TASK GOAL: For every record that follows, transcribe the text exactly and leave any image out.

Stored items
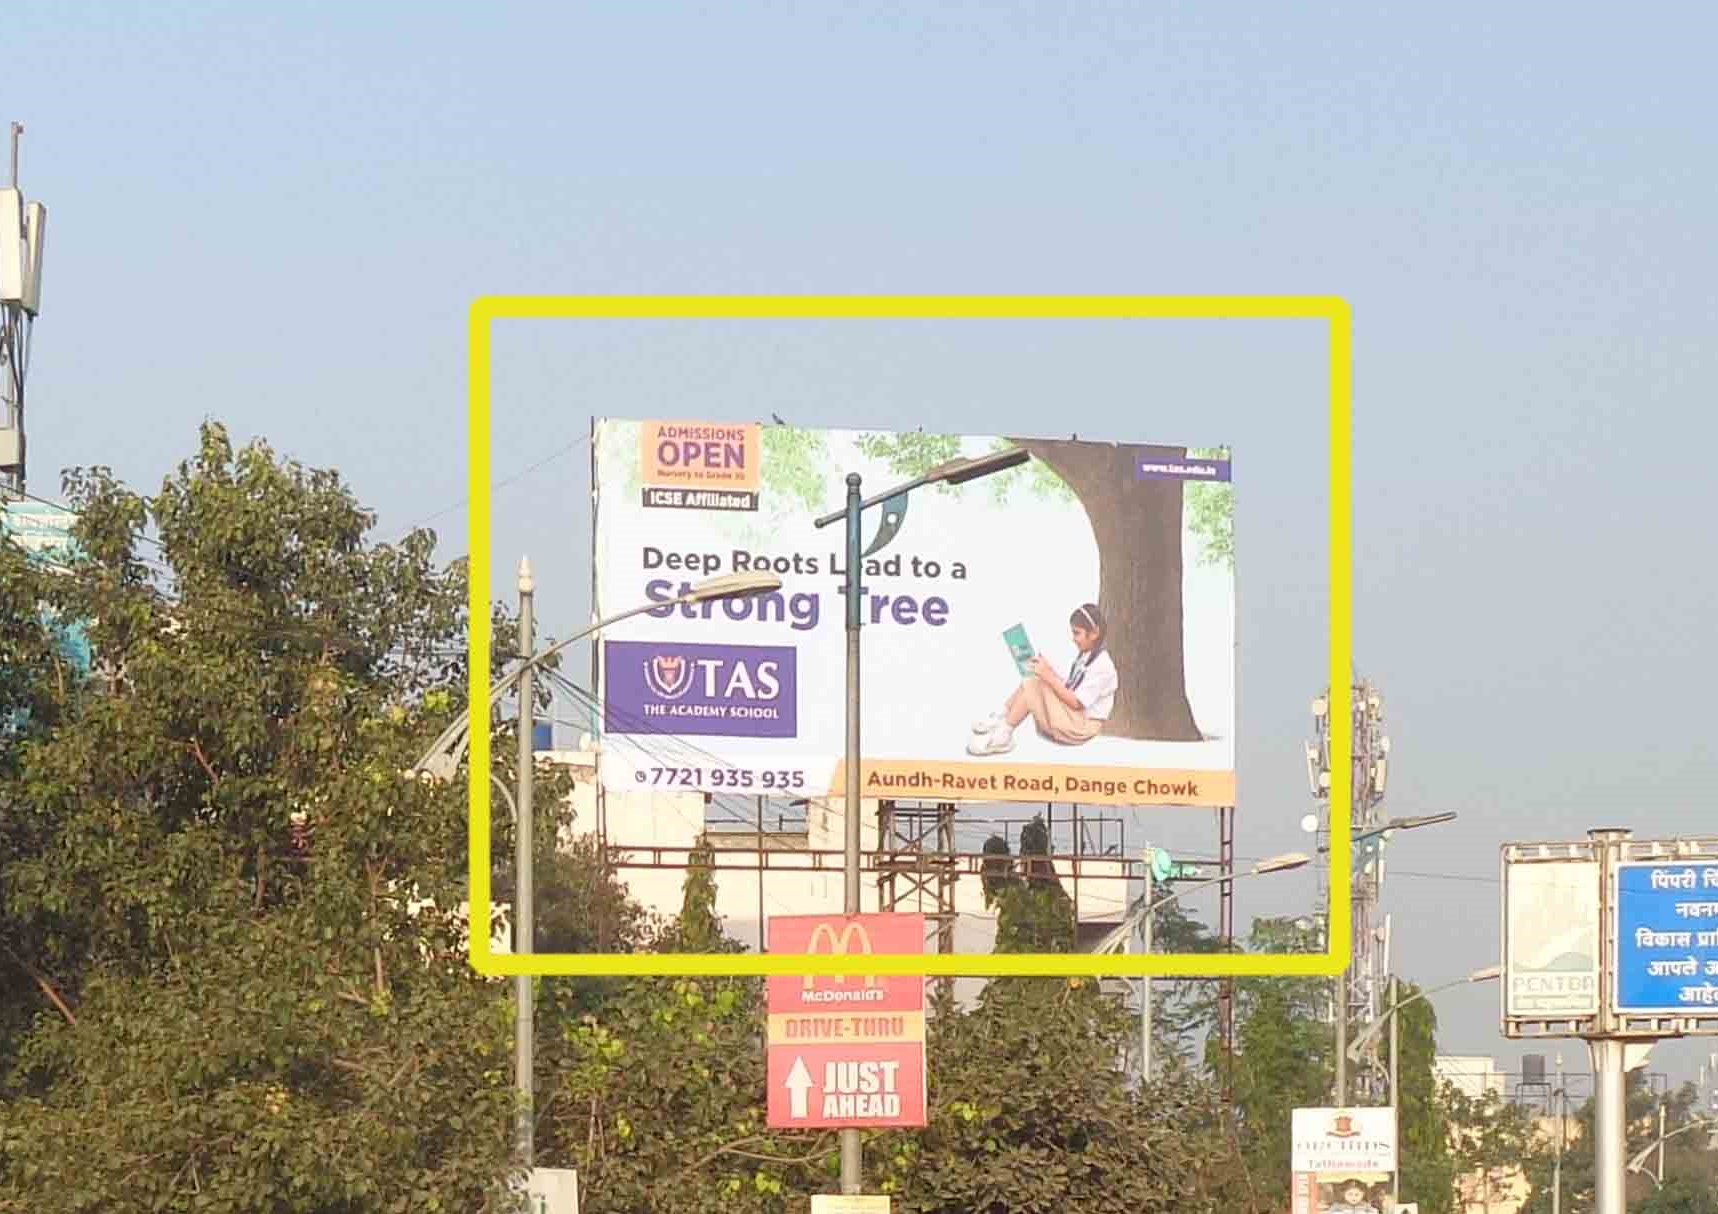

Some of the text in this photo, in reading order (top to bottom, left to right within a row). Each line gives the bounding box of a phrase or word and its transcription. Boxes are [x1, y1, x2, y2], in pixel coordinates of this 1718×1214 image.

[657, 426, 745, 440] ADMISSIONS
[658, 440, 745, 469] OPEN
[650, 491, 751, 509] ICSE Affiliated
[643, 547, 968, 579] Deep Roots Lad to a
[645, 579, 820, 631] Strong
[697, 659, 780, 700] TAS
[644, 704, 779, 719] THE ACADEMY SCHOOL
[650, 767, 805, 789] 7721 935 935
[867, 771, 1199, 797] Aundh-Ravet Road, Dange Chowk
[1651, 868, 1697, 889] पिंपरी
[1635, 927, 1692, 948] विकास
[1647, 956, 1699, 977] आपले
[801, 989, 886, 1003] McDonald's
[785, 1016, 905, 1038] DRIVE-THRU
[822, 1060, 900, 1094] JUST
[822, 1093, 901, 1119] AHEAD

REPLY TO THE EXERCISE:
Some of the text in this photo, in reading order (top to bottom, left to right within a row). Each line gives the bounding box of a phrase or word and its transcription. Boxes are [x1, y1, x2, y2], in pixel coordinates of this 1718×1214 image.

[657, 426, 745, 440] ADMISSIONS
[658, 440, 745, 469] OPEN
[650, 491, 751, 509] ICSE Affiliated
[643, 547, 968, 579] Deep Roots Lad to a
[645, 579, 820, 631] Strong
[697, 659, 780, 700] TAS
[644, 704, 779, 719] THE ACADEMY SCHOOL
[650, 767, 805, 789] 7721 935 935
[867, 771, 1199, 797] Aundh-Ravet Road, Dange Chowk
[1651, 868, 1697, 889] पिंपरी
[1635, 927, 1692, 948] विकास
[1647, 956, 1699, 977] आपले
[801, 989, 886, 1003] McDonald's
[785, 1016, 905, 1038] DRIVE-THRU
[822, 1060, 900, 1094] JUST
[822, 1093, 901, 1119] AHEAD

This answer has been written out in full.